Nick is enorm blij dat hij al deze jaren de kans kreeg deze mooie en bijzondere sport te beoefenen. “Ik besef dat dat niet voor iedereen is weggelegd. Ook ben ik er heel goed van bewust dat ik dit in mijn eentje nooit had bereik. Mijn ouders hielpen enorm mee door alles op te zetten en vervolgens te blijven ondersteunen. Ook alle sponsoren die mij elk jaar financieel steunden. Daar zitten veel trouwe sponsoren bij die ons vele jaren bijstonden, dit was voor ons de reden dat wij negen jaar achter elkaar konden racen.”

Raceteams

De coureur kreeg na zijn eerste trainingsjaar op de 600cc de kans om uit te komen voor het NIWA Racingteam in Zwaagdijk op een Suzuki 600cc. “Bij dit team heb ik leren racen tot en met het seizoen 2017. Vanaf 2018 kwam ik uit voor Racingteam Edwin Ott motoren waar ik twee seizoenen op een Yamaha R6 reed. Het tweede seizoen werd ik vice-kampioen in het Nederlands kampioenschap. De laatste twee seizoenen reed ik op de Yamaha R1. Ik ben beide raceteams erg dankbaar voor het realiseren van deze mooie tijd.”

Laatste raceweekend

Het allerlaatste raceweekend vond begin oktober plaats en moest extra bijzonder worden. “Op vrijdag hadden wij helaas nog steeds last van de gevolgen van de laatste crash.
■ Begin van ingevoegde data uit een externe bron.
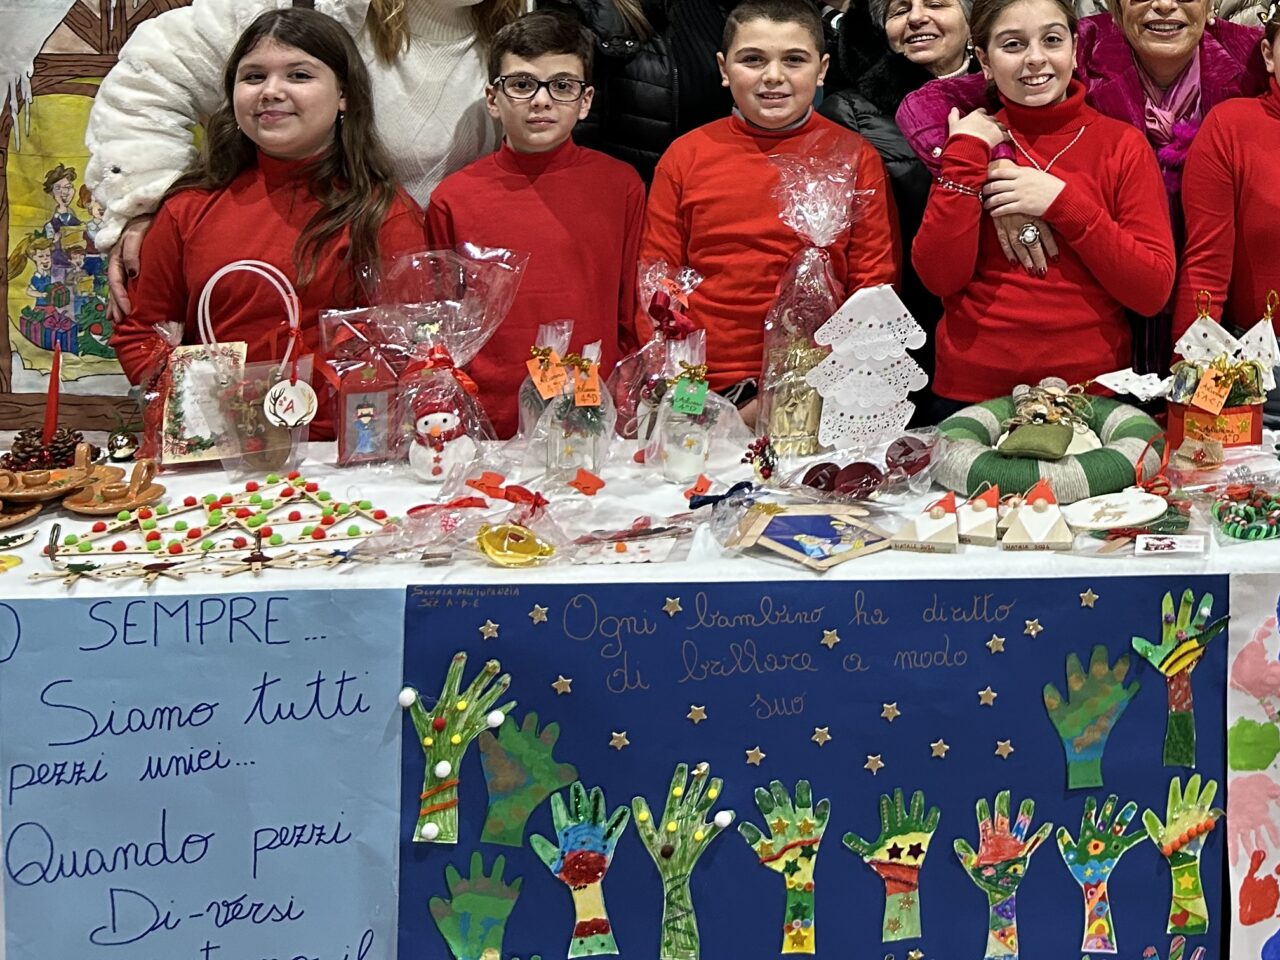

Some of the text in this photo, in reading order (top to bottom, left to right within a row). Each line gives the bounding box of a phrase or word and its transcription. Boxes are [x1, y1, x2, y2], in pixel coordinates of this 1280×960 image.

Elektronische problemen in de motor kregen wij op vrijdag niet verholpen, hierdoor namen wij vrijdagavond het besluit om over te stappen op een andere motor”, laat Nick weten.

De motorcoureur moest zaterdagochtend wennen aan de motor en tegelijkertijd een rondetijd neerzetten die voor beide races de bepalende startplaats was. “Door lastige omstandigheden, onder meer een nat wegdek, moest ik genoegen nemen met een achttiende startplaats voor beide races.” Na de middag was het droog en na een goede start en sterke eerste ronde bevond Nick zich in het voorveld. “Vanaf ronde drie had ik de aansluiting bij Vasco van der Valk die vijfde lag. Ik kon zijn tempo bijhouden en in het wiel blijven hangen. In de allerlaatste bocht remde hij verdedigend, waardoor ik een andere lijn moest nemen. Ik had een beter exit maar kwam net 0,028 seconden tekort over de streep. Met het resultaat van de achttiende naar de zesde plek was ik heel tevreden.”

Rijdend afsluiten

Ondanks alle pech dit seizoen kon Nick nog vijfde in het algemeen klassement worden. “Hiervoor moest ik zorgen in de tweede race voor Thijs Peters te eindigen, net als in de eerste race. Na een slechte start reed ik na één ronde op de vijftiende positie. Ik haalde een aantal tegenstanders in en reed op de achtste positie, vanaf hier had ik met een klein gaatje uitzicht op Thijs Peters. Hem inhalen was voor mij het doel. Helaas veranderde de weersomstandigheden. Met nog twee rondes te gaan, begon het heel hard te regenen voor slicks. Na het zien van verschillende crashes besloot ik dat het belangrijk was om mijn carrière rijdend af te sluiten. Uiteindelijke eindigde ik op de vijftiende plaats.”

Mooie afsluitdag

Nick kijkt terug op een mooie afsluitdag. “Naast de races genoot ik het publiek, wat hun uiterste best deed om de dag mooi af te sluiten. Daarnaast wil ik alle mensen bedanken die iets hebben bijgedragen in de afgelopen negen jaar.”

Nick Vlaar.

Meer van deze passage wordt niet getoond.